Pizza Rustica from Baking With Julia is really a savory ricotta tart with a pastry crust and deep filling of ricotta, eggs, cheeses, and prosciutto. I made a vegetarian version without the prosciutto, adding sun-dried tomatoes and spinach sauteed with garlic and shallots.
As I’ve been cooking the recipes from Baking With Julia, I’ve wondered how the cookbook (and the public television show on which it was based) would differ if produced in 2012. Would it include gluten-free recipes or molecular gastronomic baking? I think there might be more ethnic options and “healthy options,” emphasizing local ingredients, and natural products. I wonder if the chefs that contributed the recipes still make them or have adapted them to changing tastes or skills or available ingredients.

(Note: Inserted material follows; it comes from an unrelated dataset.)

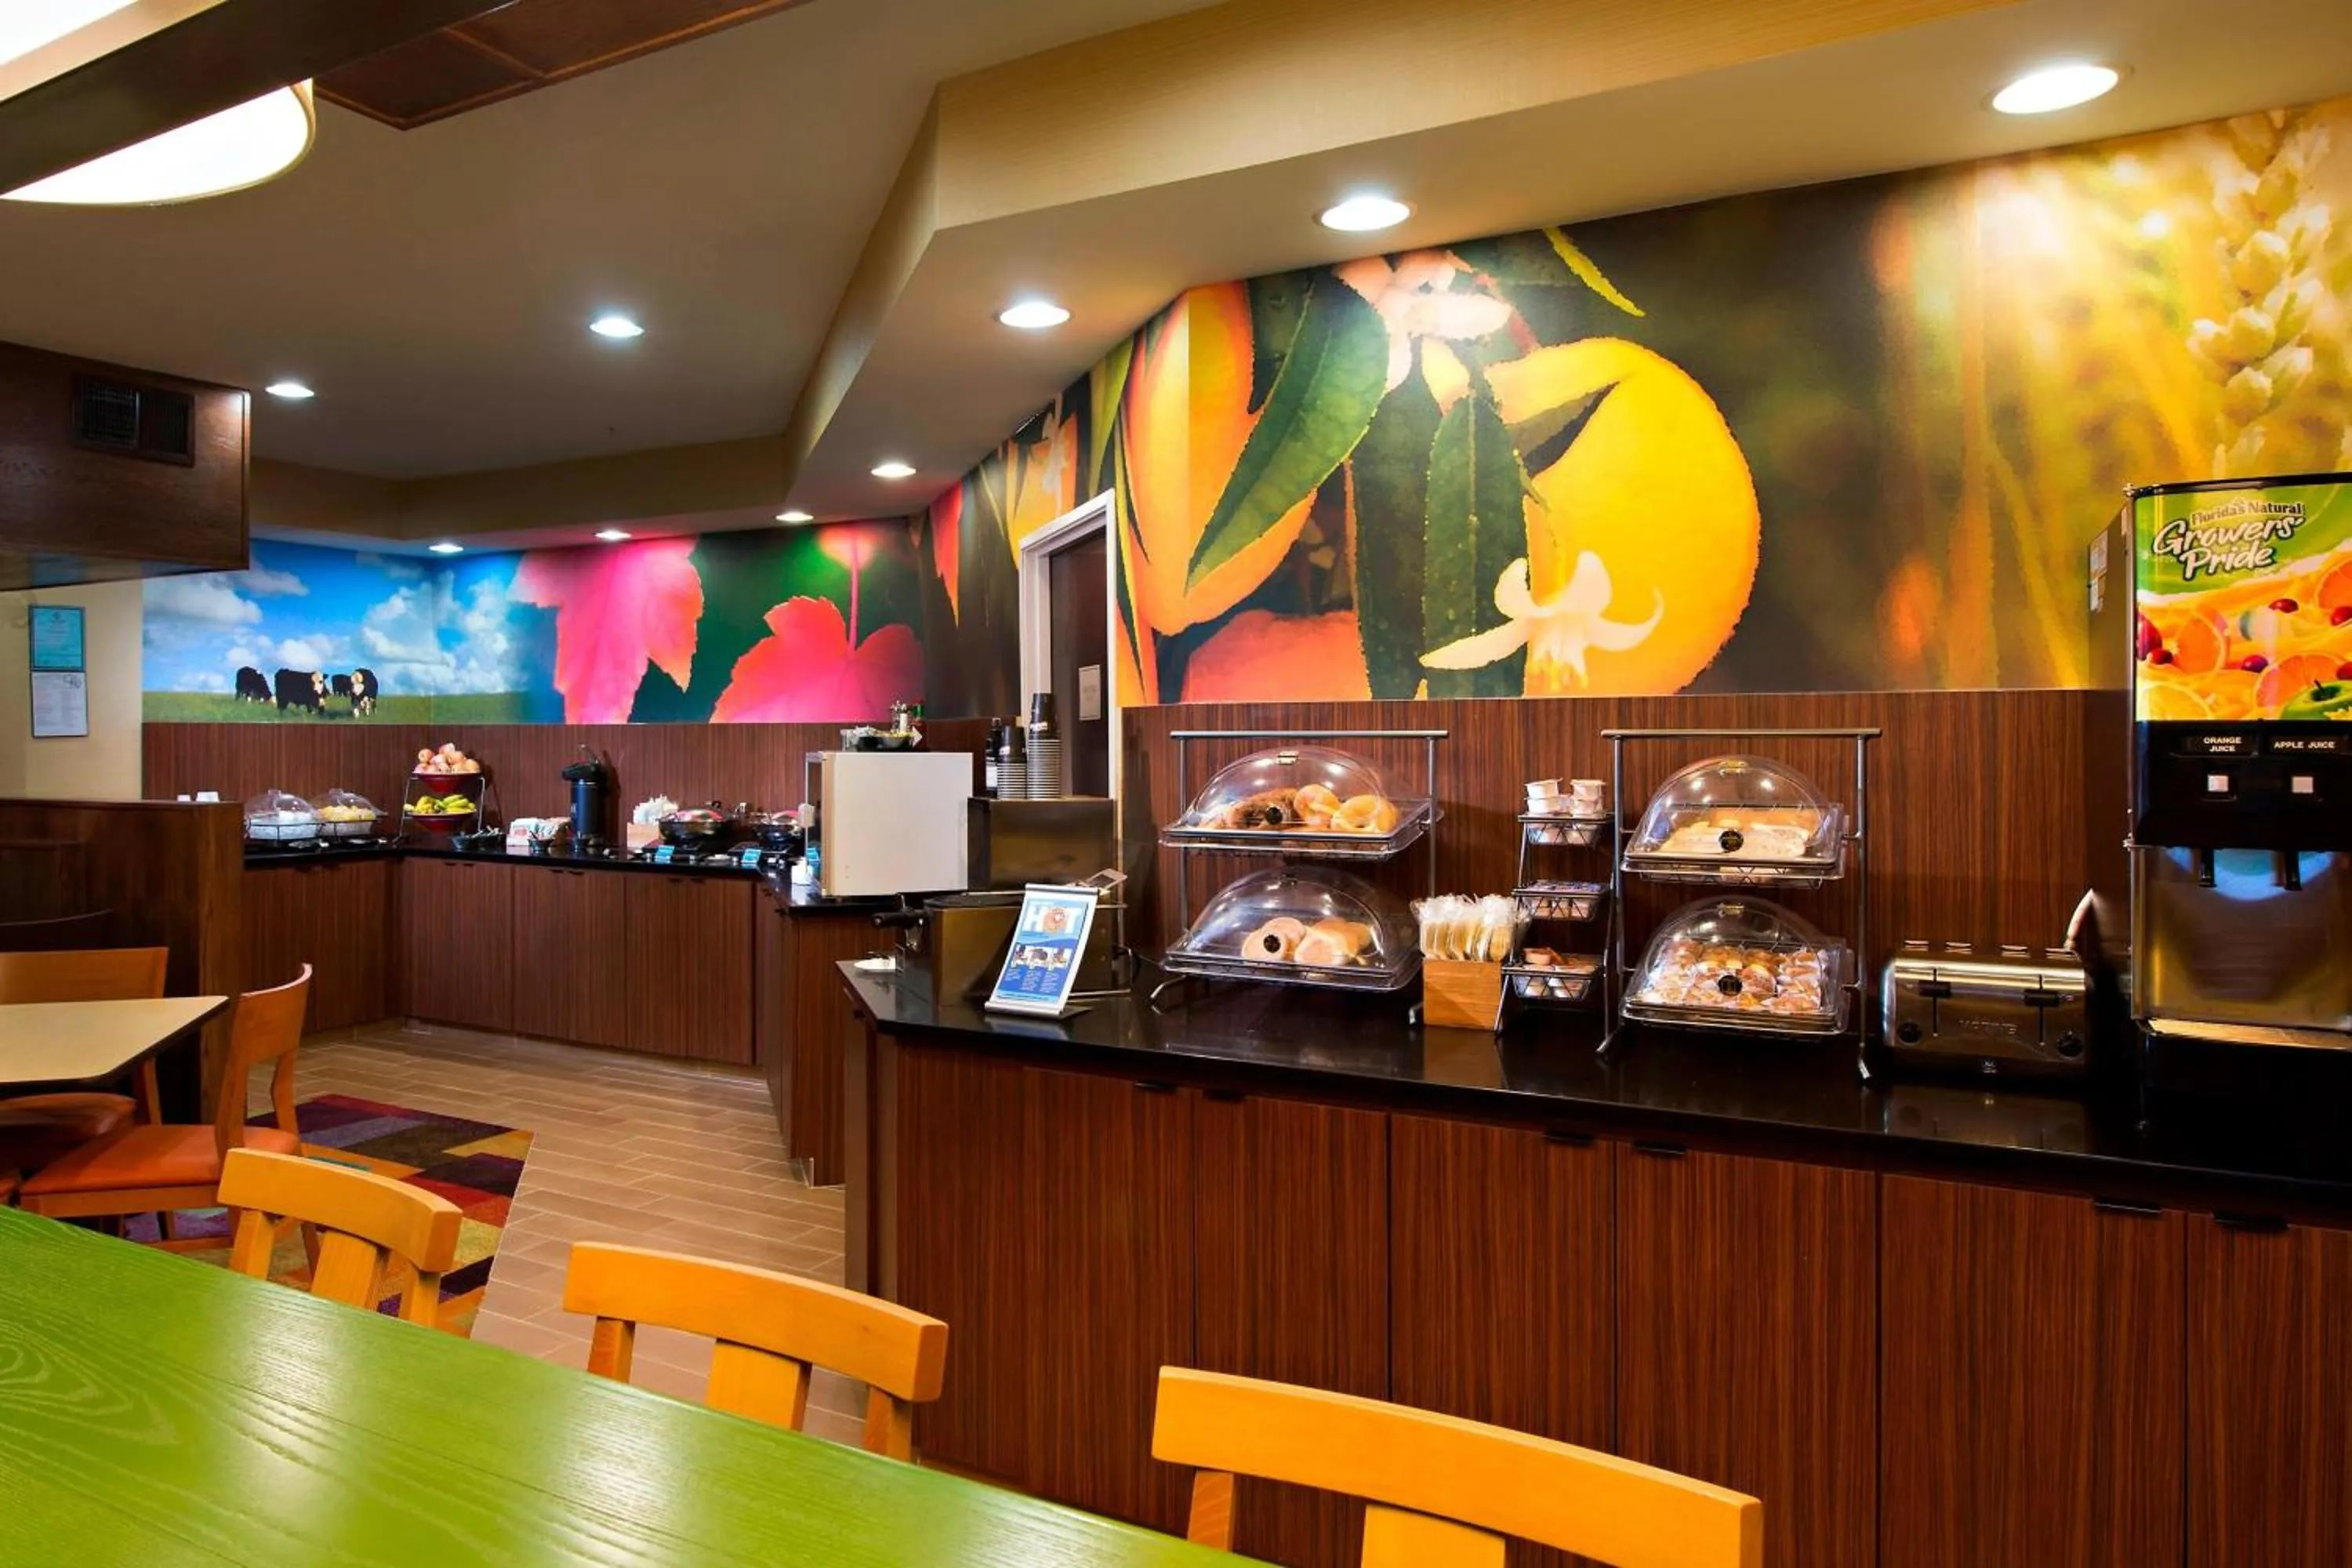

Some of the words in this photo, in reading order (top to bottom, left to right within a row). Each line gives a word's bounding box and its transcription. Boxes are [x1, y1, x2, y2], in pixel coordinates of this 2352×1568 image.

I was curious about Nick Malgieri who contributed the Pizza Rustica recipe, and so I googled him and found out that he has a website, http://nickmalgieri.com/, and that there are two versions of Pizza Rustica included. The Pizza Rustica alla Neapolitana is similar to the Baking With Julia recipe, but includes sausage as well as prosciutto. The Milanese version includes onions, spinach, ham, and Emmenthal cheese.
The crust was my favorite part of this recipe, for its flavor and texture – I substituted 2/3 cup whole wheat flour for some of the all purpose flour. It also provided the opportunity to use my new tapered cherry rolling pin. This dough was very forgiving. The cracks and irregular edges were easily pinched together to create a seamless bottom crust.
Filled and topped with lattice strips, the pizza rustica was very decorative.
Out of the oven, the crust was nicely browned, and the filling was flecked with color. I would try this recipe again with sweet onions instead of the garlic and shallots. I think the sweetness of the onions would better compliment the sweet crust.